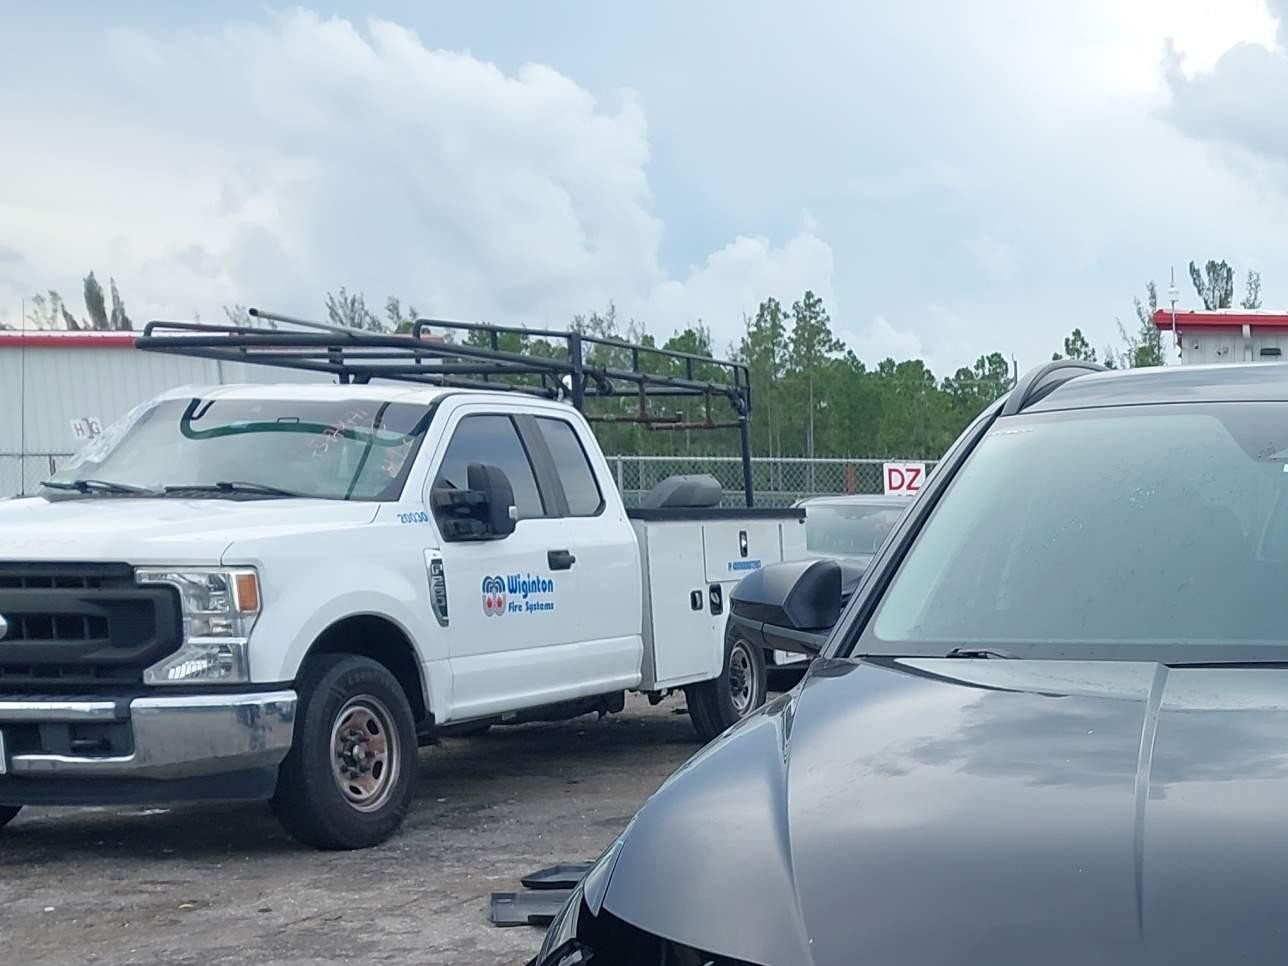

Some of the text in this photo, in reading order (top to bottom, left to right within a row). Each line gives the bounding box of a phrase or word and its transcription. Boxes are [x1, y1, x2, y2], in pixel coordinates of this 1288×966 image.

[888, 468, 921, 490] DZ
[507, 573, 554, 599] Wiginton
[508, 601, 554, 614] Fire Systems
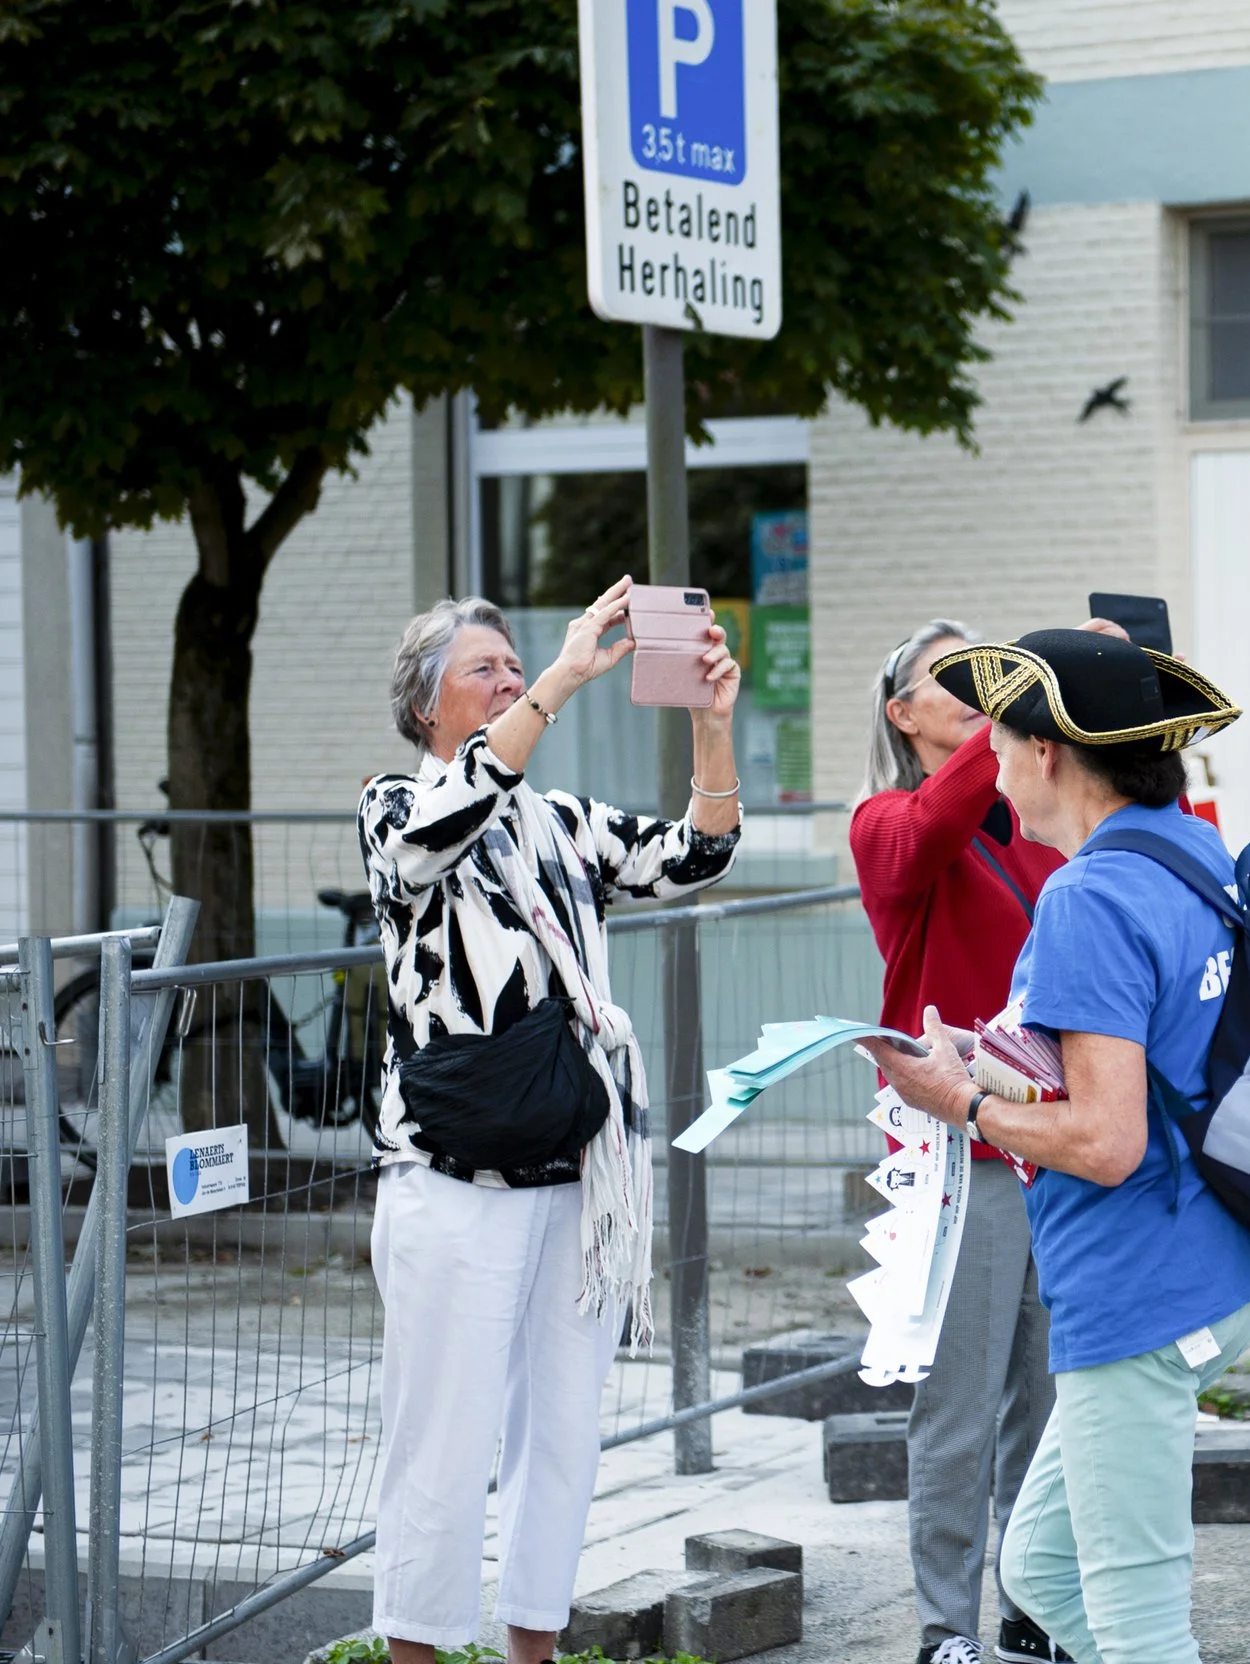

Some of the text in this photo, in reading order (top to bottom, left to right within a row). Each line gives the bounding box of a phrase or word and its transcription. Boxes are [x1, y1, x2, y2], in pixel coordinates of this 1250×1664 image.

[656, 0, 715, 119] P
[691, 142, 736, 174] max
[622, 180, 758, 250] Betalend
[617, 243, 764, 325] Herhaling
[189, 1143, 225, 1160] LENAERTS
[189, 1152, 234, 1171] BLOMMAERT

* * *

* [Task requirements]:
What's needed is an exact copy of every entry, minus the pictures.

* [Solution to this problem]:
Some of the text in this photo, in reading order (top to bottom, left to right within a row). Each line gives the bounding box of a phrase or word and its transcription. Boxes are [x1, y1, x2, y2], in pixel coordinates of this 1288×966 image.

[888, 468, 921, 490] DZ
[507, 573, 554, 599] Wiginton
[508, 601, 554, 614] Fire Systems

Some of the text in this photo, in reading order (top to bottom, left to right within a row). Each line gives the bounding box of a phrase or word and its transcription. Boxes are [x1, y1, x2, y2], in pixel coordinates of this 1250×1664 image.

[656, 0, 715, 119] P
[691, 142, 736, 174] max
[622, 180, 758, 250] Betalend
[617, 243, 764, 325] Herhaling
[189, 1143, 225, 1160] LENAERTS
[189, 1152, 234, 1171] BLOMMAERT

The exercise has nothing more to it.